No doubt. Anasi’s own appearances in the book are similarly rendered in the fugitive machismo of lifestyle-magazine longform. Over the years, his voice never changes. “Breaking and entering doesn’t leave you time to cry about the past.” “Nursing my drink, I scanned the room: I’d arrived solo and wanted to connect.” When faced with actually revealing anything about his life or the people in it, he wilts. Of the three ex-girlfriends who figure heavily in the story, all are nondescript and “beautiful.” Memo to future memoirists: if you can’t write about your exes, don’t write about your exes.

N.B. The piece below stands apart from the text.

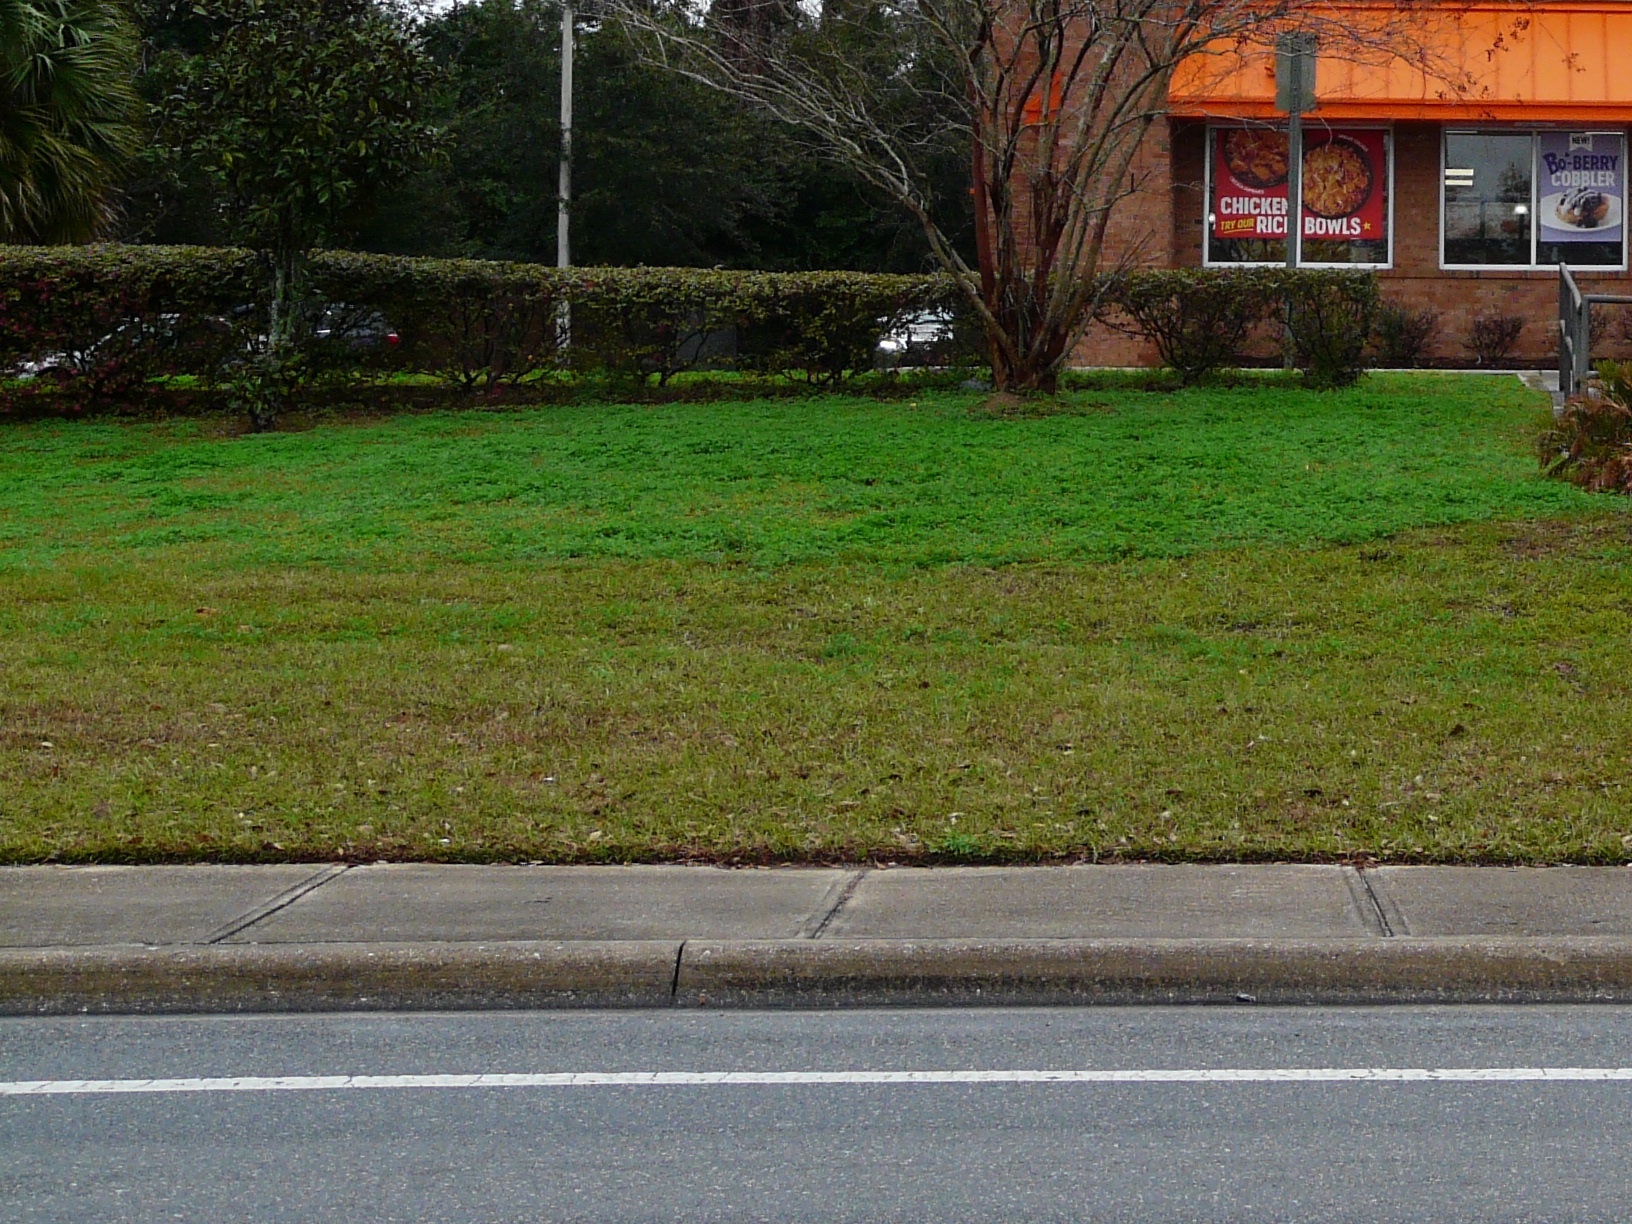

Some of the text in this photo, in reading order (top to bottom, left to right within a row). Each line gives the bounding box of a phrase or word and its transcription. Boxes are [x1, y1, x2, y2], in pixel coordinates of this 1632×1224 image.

Such narratives are most successful when the author doesn’t fully valorize her subjects. The same proves true here, in a long middle section about a neighbor, a photographer-cum-heroin-junkie who begins collaborating with Anasi on a project about Greenpoint’s teenage drug problem. Before long, Anasi realizes that this neighbor has been the one providing the drugs to the teens in question. This story is entwined with a fascinating account or the rise and fall of the sugar industry along the waterfront, and Kokie’s, the legendary coke bar that lived in what is now the Levee. Though Anasi’s telling of the respective impacts of sugar, coke, and heroin on the neighborhood over decades finds him at his best, it also highlights what is missing from the rest of the book. This is the problem with talking about Williamsburg, or anywhere, in terms of bohemia; there isn’t enough room for local history, memorable relationships, or anything, really, that isn’t bound up in making the case for inclusion in that scene. What then inevitably stands out is Anasi’s relentless signification of bohemia, which, like the Hot Topic sitting comfortably in a New Jersey shopping mall, must overcompensate lest someone recognize its affinity with its surroundings.
In the end, The Last Bohemia diagnoses itself. Comparing a burlesque act called the Bindlestiff Family Circus to the fad for drinking Pabst Blue Ribbon, Anasi writes:
“PBR parodied what the Bindlestiffs were doing with their embrace of side show, carny and burlesque . . . PBR was safe. PBR was completely safe and sideshow was one risk after another. The first was a ‘lifestyle choice,’ the second a life.”
Anasi remains in a world where there is a right way to drink the right beer. And so he gives us his cursory sketches, vivid and unsurprising, of an adult cartoon Bohemia. Williamsburg was what we thought it was, but more important, he was there and we weren’t. I’m reminded of a story told by a friend who spent a year in the notoriously authentic McKibben Lofts, to the east of Williamsburg, which was only the belief, articulated constantly throughout the building, that someday, someone was going to write a book about this. This book is that book, a lifestyle odyssey painted in colors bright enough to see from the mainland.
Stephen Squibb is familiar with the bus between New York and Boston.